Task to carry out:
Restate word for word the line with "this 1666×1666 image." and all lines after it; please stop only at the end of the listing below.

■ ■ ■

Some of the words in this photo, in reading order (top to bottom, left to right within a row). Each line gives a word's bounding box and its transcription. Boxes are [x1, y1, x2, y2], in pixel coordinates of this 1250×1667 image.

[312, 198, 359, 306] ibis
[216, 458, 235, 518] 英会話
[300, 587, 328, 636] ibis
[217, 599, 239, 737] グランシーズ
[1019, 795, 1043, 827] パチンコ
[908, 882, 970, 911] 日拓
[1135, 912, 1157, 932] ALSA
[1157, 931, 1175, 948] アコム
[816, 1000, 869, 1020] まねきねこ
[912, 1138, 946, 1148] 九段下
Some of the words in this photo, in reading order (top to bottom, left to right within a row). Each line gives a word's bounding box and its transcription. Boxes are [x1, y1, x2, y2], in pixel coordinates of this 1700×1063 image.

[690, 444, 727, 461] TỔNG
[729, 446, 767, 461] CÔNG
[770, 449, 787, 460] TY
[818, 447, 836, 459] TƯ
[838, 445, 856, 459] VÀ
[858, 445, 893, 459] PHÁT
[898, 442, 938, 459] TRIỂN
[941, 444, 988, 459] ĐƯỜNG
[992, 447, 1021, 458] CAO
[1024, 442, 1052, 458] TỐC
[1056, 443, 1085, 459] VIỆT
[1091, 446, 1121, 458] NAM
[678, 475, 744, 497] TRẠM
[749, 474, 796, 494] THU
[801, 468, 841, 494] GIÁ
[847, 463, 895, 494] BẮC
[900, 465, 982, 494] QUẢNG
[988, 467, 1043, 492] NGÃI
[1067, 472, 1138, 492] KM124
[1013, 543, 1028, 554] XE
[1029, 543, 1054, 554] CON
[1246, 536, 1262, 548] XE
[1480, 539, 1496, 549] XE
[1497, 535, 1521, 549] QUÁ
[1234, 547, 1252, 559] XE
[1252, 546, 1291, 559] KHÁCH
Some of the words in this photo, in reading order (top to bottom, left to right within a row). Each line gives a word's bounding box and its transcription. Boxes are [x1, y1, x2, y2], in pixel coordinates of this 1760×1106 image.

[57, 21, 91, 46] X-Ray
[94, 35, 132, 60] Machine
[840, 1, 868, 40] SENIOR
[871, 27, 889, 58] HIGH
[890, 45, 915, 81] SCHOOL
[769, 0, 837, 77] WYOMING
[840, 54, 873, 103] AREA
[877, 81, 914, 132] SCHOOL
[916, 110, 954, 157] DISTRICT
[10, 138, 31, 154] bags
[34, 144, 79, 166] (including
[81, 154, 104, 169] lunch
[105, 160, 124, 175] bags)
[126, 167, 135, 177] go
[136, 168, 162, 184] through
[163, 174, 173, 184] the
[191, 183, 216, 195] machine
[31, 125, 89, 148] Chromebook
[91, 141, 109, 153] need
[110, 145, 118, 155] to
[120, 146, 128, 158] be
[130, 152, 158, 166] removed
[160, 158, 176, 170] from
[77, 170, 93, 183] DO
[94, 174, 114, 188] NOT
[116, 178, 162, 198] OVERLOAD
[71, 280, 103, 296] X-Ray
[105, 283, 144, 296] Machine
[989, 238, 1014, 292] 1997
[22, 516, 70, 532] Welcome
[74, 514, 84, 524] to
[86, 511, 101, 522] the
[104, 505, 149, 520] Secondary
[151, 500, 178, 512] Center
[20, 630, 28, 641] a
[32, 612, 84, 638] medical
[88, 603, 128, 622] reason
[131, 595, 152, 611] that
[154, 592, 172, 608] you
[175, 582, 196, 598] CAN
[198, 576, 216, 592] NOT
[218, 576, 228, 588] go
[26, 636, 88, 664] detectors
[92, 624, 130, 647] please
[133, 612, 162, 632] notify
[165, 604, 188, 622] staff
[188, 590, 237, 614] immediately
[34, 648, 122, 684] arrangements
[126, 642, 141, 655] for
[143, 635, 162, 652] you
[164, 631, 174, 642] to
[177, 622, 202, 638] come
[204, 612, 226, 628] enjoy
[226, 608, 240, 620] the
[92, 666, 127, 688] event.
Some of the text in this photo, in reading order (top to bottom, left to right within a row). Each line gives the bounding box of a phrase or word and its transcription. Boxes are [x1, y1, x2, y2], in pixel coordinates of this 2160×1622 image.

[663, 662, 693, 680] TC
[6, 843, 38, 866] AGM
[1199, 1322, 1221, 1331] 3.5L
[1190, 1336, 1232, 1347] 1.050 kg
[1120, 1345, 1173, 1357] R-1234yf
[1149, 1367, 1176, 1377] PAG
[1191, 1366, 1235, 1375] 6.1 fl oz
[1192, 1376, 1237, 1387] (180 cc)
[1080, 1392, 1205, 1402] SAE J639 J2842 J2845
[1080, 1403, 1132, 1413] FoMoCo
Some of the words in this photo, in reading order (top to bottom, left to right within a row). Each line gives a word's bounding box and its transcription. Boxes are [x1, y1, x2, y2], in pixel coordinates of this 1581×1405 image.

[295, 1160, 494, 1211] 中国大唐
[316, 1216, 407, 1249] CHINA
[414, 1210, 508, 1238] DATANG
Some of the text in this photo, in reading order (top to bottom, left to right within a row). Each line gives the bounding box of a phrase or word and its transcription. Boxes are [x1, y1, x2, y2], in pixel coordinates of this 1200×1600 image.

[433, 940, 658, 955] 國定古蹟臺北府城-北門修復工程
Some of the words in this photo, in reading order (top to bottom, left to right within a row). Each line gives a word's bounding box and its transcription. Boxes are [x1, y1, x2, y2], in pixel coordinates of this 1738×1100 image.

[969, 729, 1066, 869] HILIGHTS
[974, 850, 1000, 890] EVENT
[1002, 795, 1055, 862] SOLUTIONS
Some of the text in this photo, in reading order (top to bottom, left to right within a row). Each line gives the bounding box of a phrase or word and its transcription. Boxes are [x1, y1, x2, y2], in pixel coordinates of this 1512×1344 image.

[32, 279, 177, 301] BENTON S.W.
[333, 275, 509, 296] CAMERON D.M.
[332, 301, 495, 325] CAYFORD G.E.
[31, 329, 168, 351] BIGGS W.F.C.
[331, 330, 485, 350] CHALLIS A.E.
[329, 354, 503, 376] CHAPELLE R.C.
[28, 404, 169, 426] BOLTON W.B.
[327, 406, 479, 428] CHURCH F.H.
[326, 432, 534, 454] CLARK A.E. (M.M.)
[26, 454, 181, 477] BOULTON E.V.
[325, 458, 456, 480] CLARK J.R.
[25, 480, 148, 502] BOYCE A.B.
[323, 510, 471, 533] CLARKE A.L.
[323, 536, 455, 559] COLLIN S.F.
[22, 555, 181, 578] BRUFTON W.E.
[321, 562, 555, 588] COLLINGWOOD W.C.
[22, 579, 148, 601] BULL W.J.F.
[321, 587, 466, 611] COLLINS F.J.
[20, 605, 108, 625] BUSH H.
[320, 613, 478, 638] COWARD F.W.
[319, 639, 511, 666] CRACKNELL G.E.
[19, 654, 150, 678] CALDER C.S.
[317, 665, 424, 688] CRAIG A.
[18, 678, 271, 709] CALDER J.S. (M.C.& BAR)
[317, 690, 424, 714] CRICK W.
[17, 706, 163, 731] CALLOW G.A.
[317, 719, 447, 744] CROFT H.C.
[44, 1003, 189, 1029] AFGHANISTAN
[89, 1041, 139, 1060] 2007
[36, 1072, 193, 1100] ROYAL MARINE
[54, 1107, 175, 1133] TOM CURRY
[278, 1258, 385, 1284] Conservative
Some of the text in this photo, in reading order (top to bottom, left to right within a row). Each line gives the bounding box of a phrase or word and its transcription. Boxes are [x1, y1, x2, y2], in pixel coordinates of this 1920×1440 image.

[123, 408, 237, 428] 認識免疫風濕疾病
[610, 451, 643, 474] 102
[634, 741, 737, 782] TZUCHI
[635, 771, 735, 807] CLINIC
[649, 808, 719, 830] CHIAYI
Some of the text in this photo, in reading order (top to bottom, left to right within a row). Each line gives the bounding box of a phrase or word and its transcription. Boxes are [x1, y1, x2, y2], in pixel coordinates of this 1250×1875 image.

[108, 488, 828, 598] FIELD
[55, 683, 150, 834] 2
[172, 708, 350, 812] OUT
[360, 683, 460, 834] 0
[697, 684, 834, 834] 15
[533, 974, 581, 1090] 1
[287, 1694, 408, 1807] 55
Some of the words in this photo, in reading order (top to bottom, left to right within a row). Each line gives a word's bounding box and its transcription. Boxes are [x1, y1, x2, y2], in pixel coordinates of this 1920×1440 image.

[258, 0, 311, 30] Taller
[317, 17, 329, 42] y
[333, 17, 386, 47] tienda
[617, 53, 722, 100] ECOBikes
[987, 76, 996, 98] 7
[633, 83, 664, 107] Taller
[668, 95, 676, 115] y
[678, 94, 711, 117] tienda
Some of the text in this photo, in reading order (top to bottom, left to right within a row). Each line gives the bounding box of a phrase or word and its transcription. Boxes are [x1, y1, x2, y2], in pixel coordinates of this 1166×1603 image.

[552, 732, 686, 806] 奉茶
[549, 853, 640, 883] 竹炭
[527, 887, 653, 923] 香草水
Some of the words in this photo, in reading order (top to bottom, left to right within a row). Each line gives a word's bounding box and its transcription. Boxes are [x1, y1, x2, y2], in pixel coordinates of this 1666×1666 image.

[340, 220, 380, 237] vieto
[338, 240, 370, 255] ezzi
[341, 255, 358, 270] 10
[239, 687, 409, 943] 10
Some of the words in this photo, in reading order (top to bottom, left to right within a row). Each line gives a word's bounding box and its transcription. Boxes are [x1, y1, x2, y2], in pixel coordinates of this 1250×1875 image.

■ ■ ■

Answer space:
Some of the words in this photo, in reading order (top to bottom, left to right within a row). Each line gives a word's bounding box and its transcription. Boxes are [x1, y1, x2, y2], in pixel coordinates of this 1666×1666 image.

[340, 220, 380, 237] vieto
[338, 240, 370, 255] ezzi
[341, 255, 358, 270] 10
[239, 687, 409, 943] 10
Some of the words in this photo, in reading order (top to bottom, left to right within a row). Each line gives a word's bounding box and its transcription. Boxes are [x1, y1, x2, y2], in pixel coordinates of this 1250×1875 image.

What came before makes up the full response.